Суонтон уже сидел за столом. К тарелке был прислонен свежий номер «Утреннего обозрения Фокса», сложенный пополам для удобства чтения.

— Новости, судя по всему, не настолько ужасны, если ты не лишился аппетита, — заметил Лисберн.

— Я пытаюсь докопаться до истины, — сказал Суонтон. — Найти имя, слово, которое я вдруг пропустил — все, что угодно, что поможет воскресить дремлющие воспоминания. У меня такое впечатление, что «Обозрение» пишет о ком-то другом. Что вполне возможно, ведь в нем помещено сразу три противоречивых сообщения. В самом вразумительном из них описываются утомительные подробности того, во что были одеты дамы. — Пауза. — В особенности какое именно платье было на твоей кузине, леди Глэдис. И о чем она говорила. В этой статейке ей уделено больше места, чем леди Кларе! — Он посмотрел на Лисберна. — Мне даже стало интересно, вдруг ты сам написал эту заметку. Но я так и не смог себе представить, что ты настолько восхищен своими кузинами, пусть даже леди Клара, по всеобщему мнению, самая красивая девушка в Лондоне. Восторгаться женщинами — это совсем не твой стиль. Я вообще не уверен, что ты можешь восторгаться хоть чем-нибудь. И что тебе известно о платьях, помимо самого быстрого способа освобождать от них женщин?

Он говорил правду. Лисберн не был склонен поэтизировать женщин. С ним этого не случалось со времени, когда он еще школьником преодолел мучительный процесс первой страстной влюбленности.

Однако он же процитировал ей Шекспира — фразу из любовной сцены в «Ромео и Джульетте». Не больше и не меньше!

Но Суонтону ни к чему знать об этом.

— Ты даже к своей одежде невнимателен, — заметил кузен.

Саймон оглядел себя и нахмурился.

На память пришла сцена из «Как вам это понравится», когда Розалинда описывает влюбленного мужчину.

«Затем чулки ваши должны быть без подвязок… рукава без пуговиц, башмаки без шнурков и вообще все в вас должно выказывать неряшливость отчаяния».

Но то драма и поэзия — область, где Суонтон чувствовал себя, как рыба в воде, — а Лисберн не был влюблен. Он просто слишком устал и был раздражен тем, что пришлось тратить время на бесконечное одевание.

С газетой в руке поэт продолжал говорить:

— Ты всегда доверяешь свой внешний вид Полкэру. Может, он сумеет перевести нам вот это: «Рукава с двойными буффонами» или «Корсаж с половинной стойкой»? У тебя есть хоть какое-то представление, о чем это вообще?

Лисберн покачал головой и отошел к буфету. Какое-то время он разглядывал тарелки под крышками, потом понял, что думает не о еде. Мысли были заняты только мисс Нуаро. Его шляпа у нее на голове, тело едва прикрыто чем-то полупрозрачным. Короткая улыбка… Она ласкает его… Она уверена в нем…

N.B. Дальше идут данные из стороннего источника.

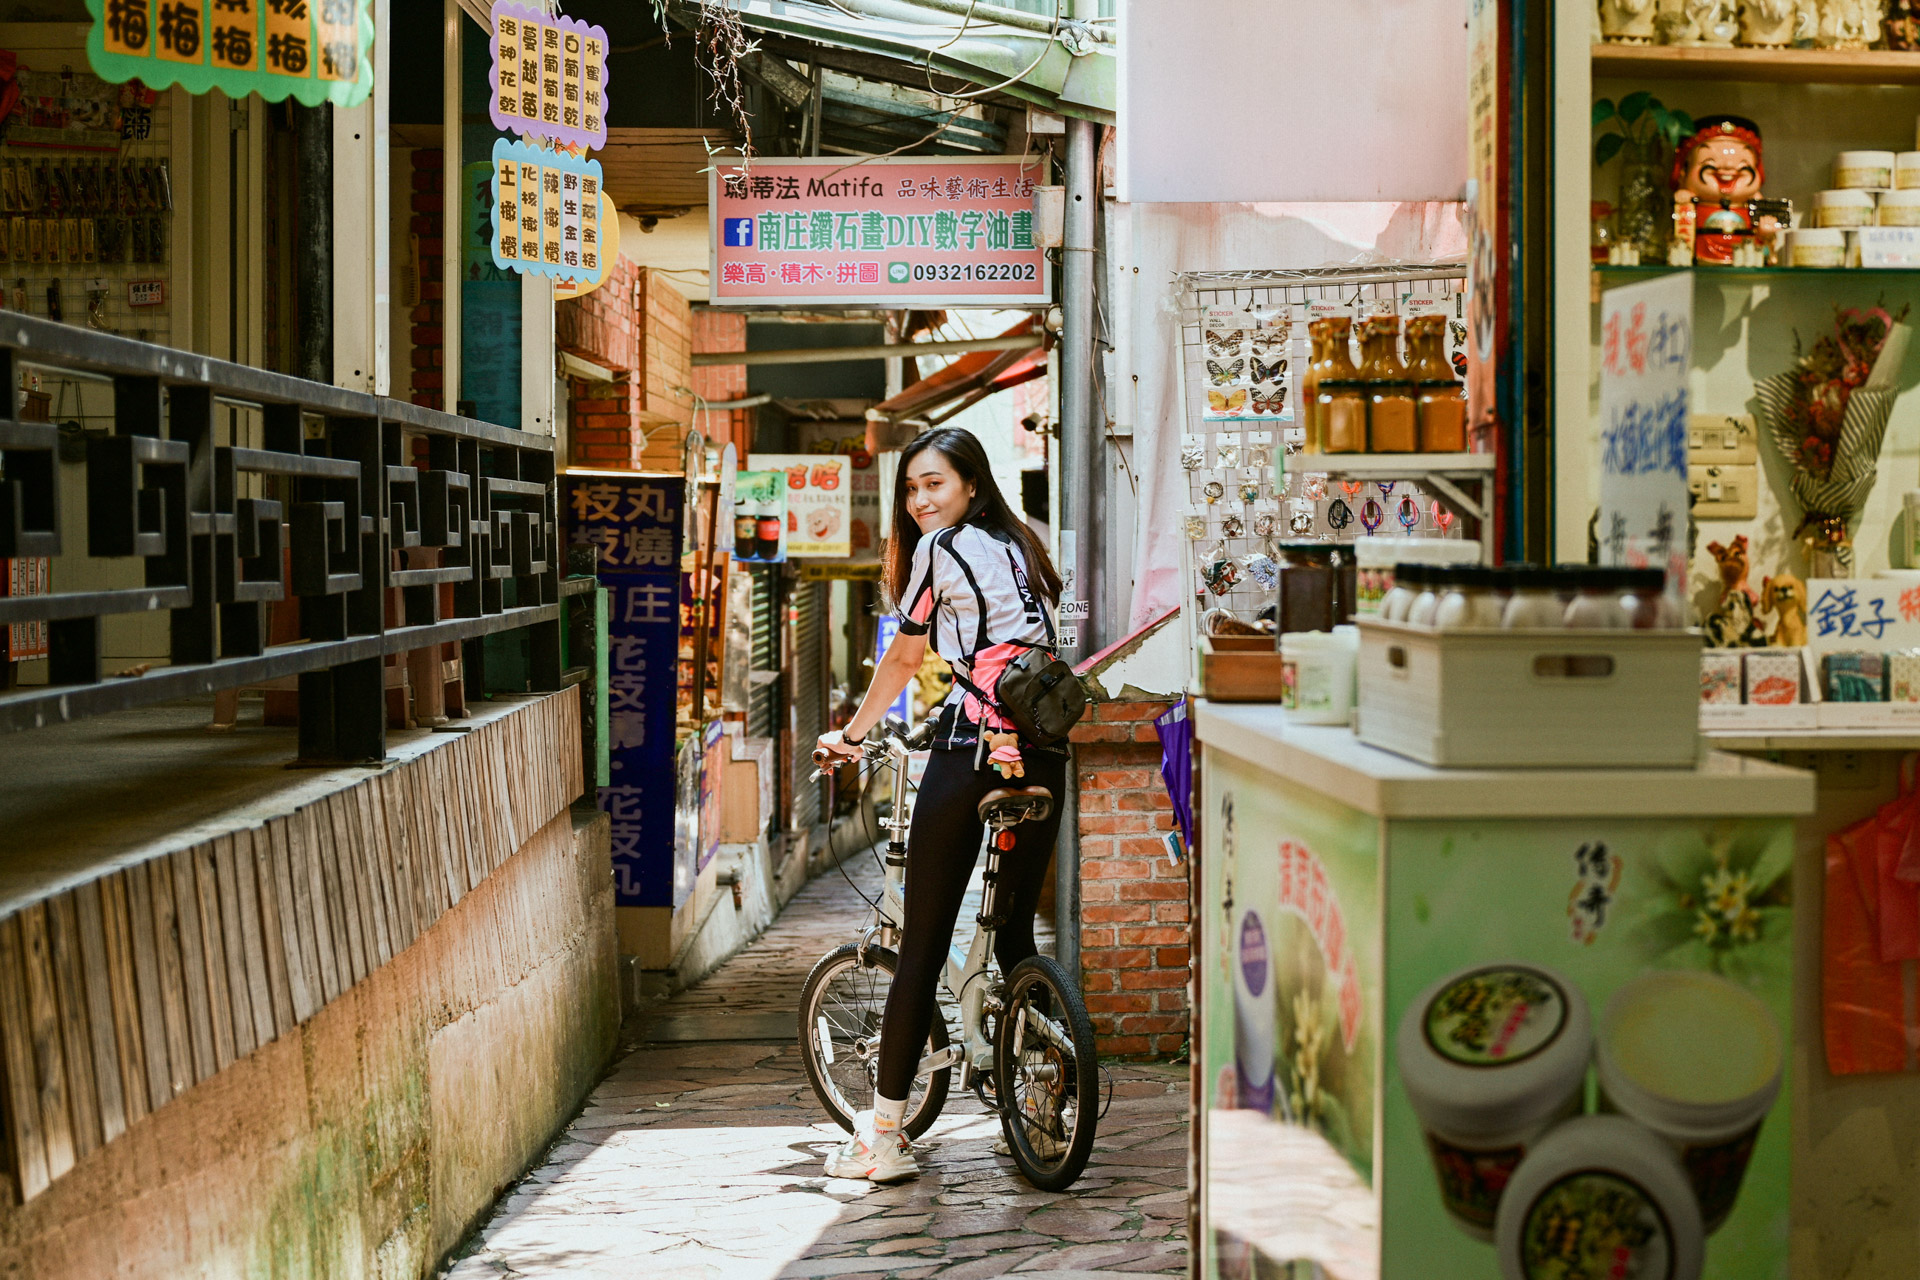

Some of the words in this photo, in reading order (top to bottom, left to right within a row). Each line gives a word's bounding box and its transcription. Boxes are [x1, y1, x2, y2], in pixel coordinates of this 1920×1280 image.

[499, 19, 517, 114] 洛神花乾
[522, 24, 538, 118] 蔓越莓
[543, 28, 559, 122] 黑葡萄乾
[563, 34, 579, 126] 白葡萄乾
[584, 40, 600, 132] 水蜜桃乾
[500, 164, 518, 258] 土橄欖
[563, 173, 578, 267] 野生金桔
[807, 176, 884, 198] Matifa
[897, 176, 1035, 200] 品味藝術生活
[913, 264, 1036, 281] 0932162202
[1811, 586, 1896, 640] 鏡子

Ну и отлично! Ему нравилась ее чрезмерность. Он желал ее, возможно, больше, чем это было удобно. Но он не был влюблен. Он вообще не верил, что такие вещи существуют. Его родители сильно любили друг друга. Однако они были исключением среди тех, кого он знал.

— Видно, от тебя столько же проку, сколько и от меня, — заметил Суонтон. — Наверное, здесь описка. Вместо «буффонов» должно стоять «буфы», но я все равно в недоумении: «двойные» — это как? Продольные или поперечные? И как их можно пришить?

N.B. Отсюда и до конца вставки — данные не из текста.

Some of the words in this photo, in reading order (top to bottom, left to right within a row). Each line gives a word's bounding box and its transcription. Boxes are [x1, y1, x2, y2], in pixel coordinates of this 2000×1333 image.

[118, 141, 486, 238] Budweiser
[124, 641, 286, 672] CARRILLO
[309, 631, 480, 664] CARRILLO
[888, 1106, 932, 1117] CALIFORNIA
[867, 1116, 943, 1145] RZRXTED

— Я спрошу у мадам, когда поговорю с ней, — сказал Лисберн. — Если она станет со мной разговаривать.

— Разве вы не поговорили прошлой ночью?

Пока Саймон придумывал, как сформулировать осторожный ответ, Суонтон откинулся на спинку стула и хлопнул себя по лбу — именно так должны поступать в подобной ситуации поэтические натуры.

— Какой же я глупый! Ты ведь не смог бы нормально пообщаться с ней после всего, что случилось. К тому же и я выглядел, как откровенный идиот, когда она задала мне вопрос о ребенке. Ты заметил, какое выражение лица было у нее, когда она спросила, не страдаю ли я амнезией? Ведь мужчина, ей-богу, должен иметь по крайней мере хоть слабое представление о том, есть у него ребенок или нет! Я был слишком взволнован, чтобы посмотреть на девочку. Она похожа на меня, как ты думаешь?